Oral health is at the heart of organisms’ systemic health. Nowadays, there is an increasing tendency to give importance to oral alterations, oral pathologies, and all the systemic implications that these may entail. Often, the psychological health of a dental patient is underestimated, as well as the behavior relating to oral conditions that derives from it. Quality of life improves with improved oral health according to some epidemiological tests, such as oral health-related quality of life (OHRQoL). Oral health and oral aesthetics are part of the aesthetics of a patient's face and a patient’s relationship with others. Another important aspect to consider is that of the costs related to oral treatments, therapies, and rehabilitations—costs that often make these types of treatments prohibitive, especially in some countries. The purpose of this Special Issue is to gather research on economic implications on oral health, such as the differences that exist between countries or patients of varying socio-economic statuses with respect to oral health conditions; the psychological and behavioral implications of patients depending on their oral health and aesthetic conditions; and the results that some treatments may have on the aforementioned issues and which types of rehabilitation should be considered or selected

Dr. Luca Fiorillo
Dr. Gabriele Cervino
Dr. Rosa De Stefano
Guest Editors

Manuscript Submission Information

Manuscripts should be submitted online at www.mdpi.com by registering and logging in to this website. Once you are registered, click here to go to the submission form. Manuscripts can be submitted until the deadline. All papers will be peer-reviewed. Accepted papers will be published continuously in the journal (as soon as accepted) and will be listed together on the special issue website. Research articles, review articles as well as short communications are invited. For planned papers, a title and short abstract (about 100 words) can be sent to the Editorial Office for announcement on this website.

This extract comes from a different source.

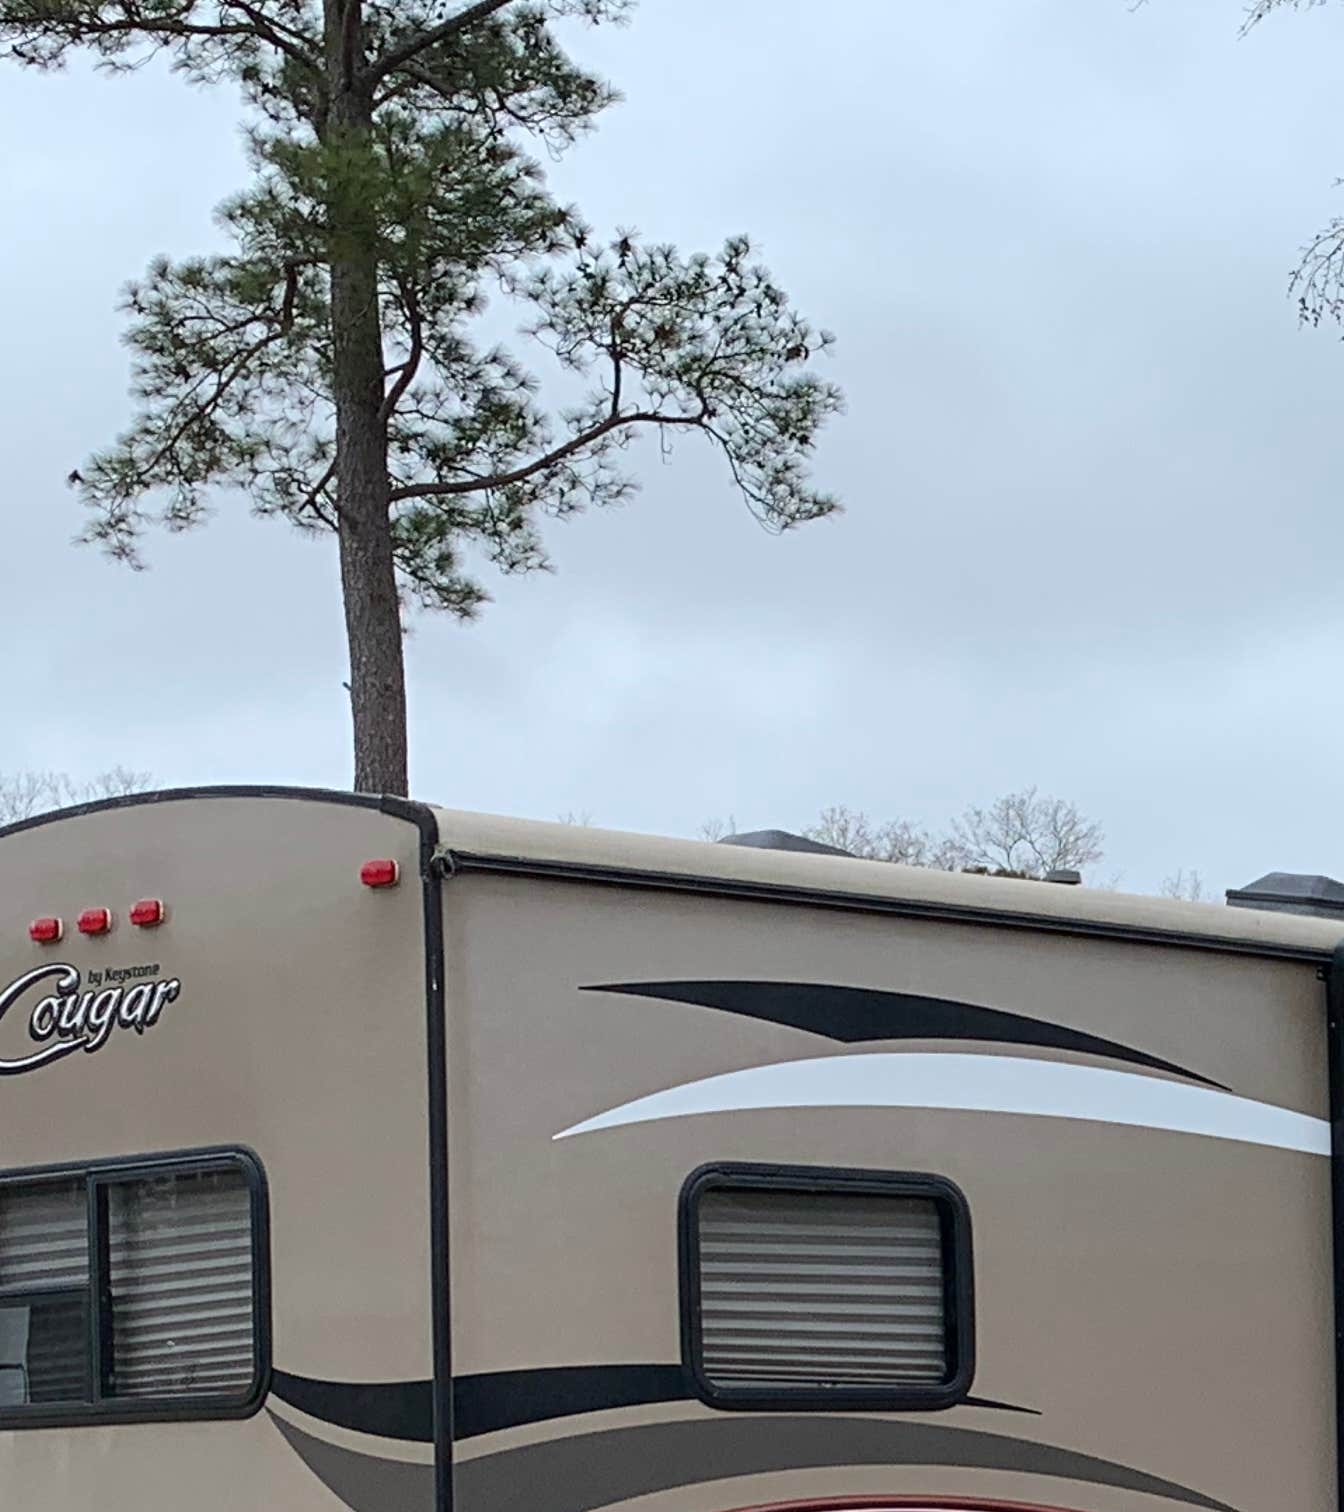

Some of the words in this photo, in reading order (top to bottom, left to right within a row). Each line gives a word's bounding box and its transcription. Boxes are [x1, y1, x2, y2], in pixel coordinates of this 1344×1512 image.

Submitted manuscripts should not have been published previously, nor be under consideration for publication elsewhere (except conference proceedings papers). All manuscripts are thoroughly refereed through a single-blind peer-review process. A guide for authors and other relevant information for submission of manuscripts is available on the Instructions for Authors page. Medicina is an international peer-reviewed open access monthly journal published by MDPI.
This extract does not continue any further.